COReL Summary • An algorithm for totally-ordered multicast in an asynchronous environment. • Resilient to network partitions and communication link failures. • But only live in the primary component! • Allows members of minority components to initiate messages. These messages can become totally ordered even if the originating process in never a member of the primary component.
Transis • Another multicast protocol that deals with network partitions. • Regulates network flow to avoid flooding and message loss. • Uses a sliding-window algorithm similar to that used in TCP.
The Persistent Replication Services Layer (PRSL) • Built on top of Transis. • Provides applications with long term services such as message logging and replaying, and reconciliation of states among recovered and reconnected endpoints. • With just Transis: • Message delivery only guaranteed within the current group. • No end-to-end acknowledgement at application level, so no guarantee that any destination actually acted on the message.
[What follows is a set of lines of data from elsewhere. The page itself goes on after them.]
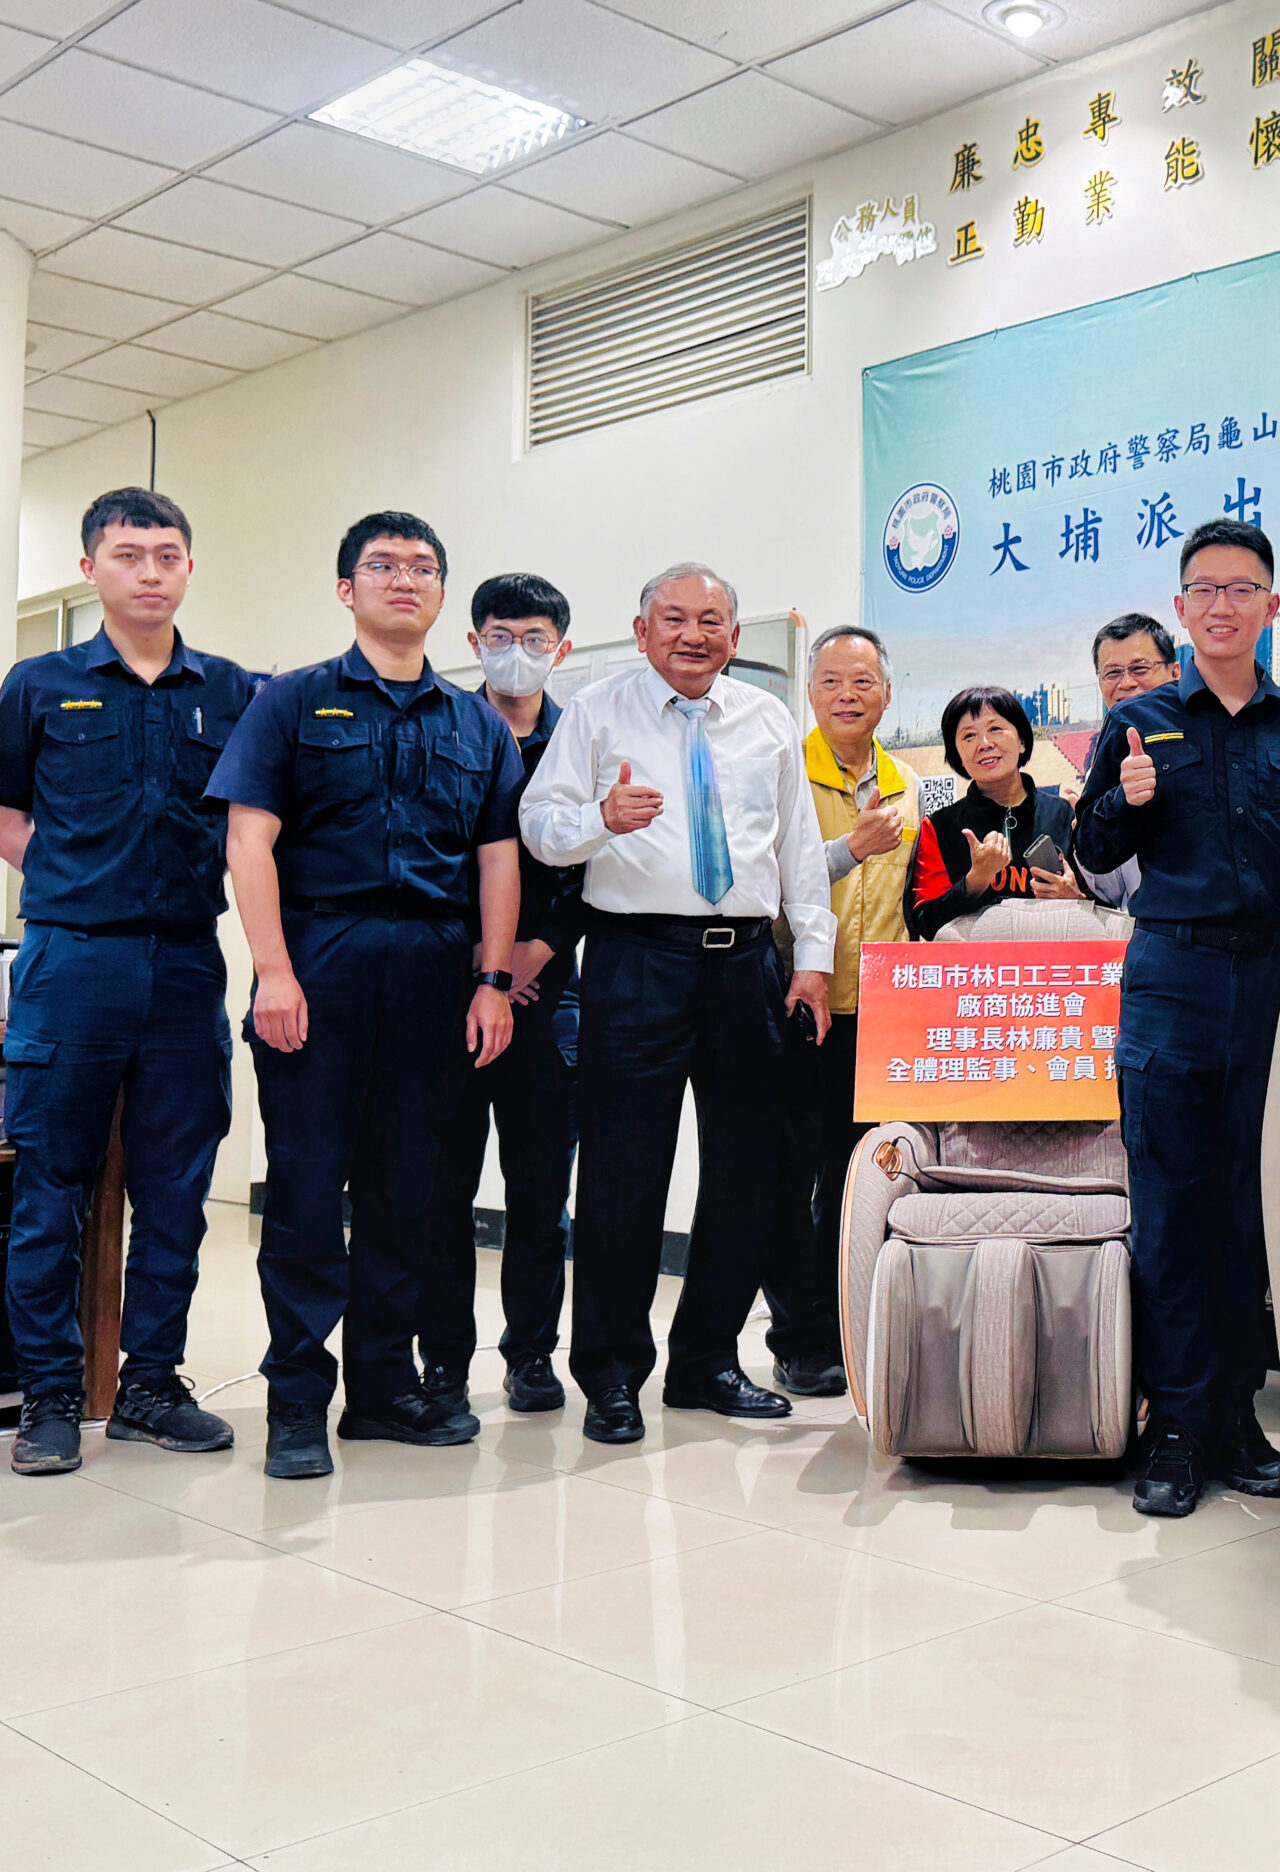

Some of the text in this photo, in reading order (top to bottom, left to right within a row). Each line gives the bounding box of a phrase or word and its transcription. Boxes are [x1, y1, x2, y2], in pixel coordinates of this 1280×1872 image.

[1084, 92, 1121, 223] 專業
[1163, 59, 1205, 190] 效能
[949, 143, 984, 264] 廉正
[1012, 117, 1045, 246] 忠勤
[892, 962, 1123, 989] 桃園市林口工三工業
[957, 992, 1087, 1018] 廠商協進會
[886, 1056, 1098, 1083] 全體理監事、會員
[926, 1025, 1116, 1052] 理事長林廉貴 暨
Replication Groups • The basis of PRSL operations. • A static set of processes defined at startup time. • Different from multicast groups — can only change through startup and shutdown of members.
Replication Group Operations • Uniform multicast. • Totally ordered uniform multicast. • Stable multicast. • Explicit application-level acknowledgement. • Startup/shutdown for adding/removing a member to/from the replication group.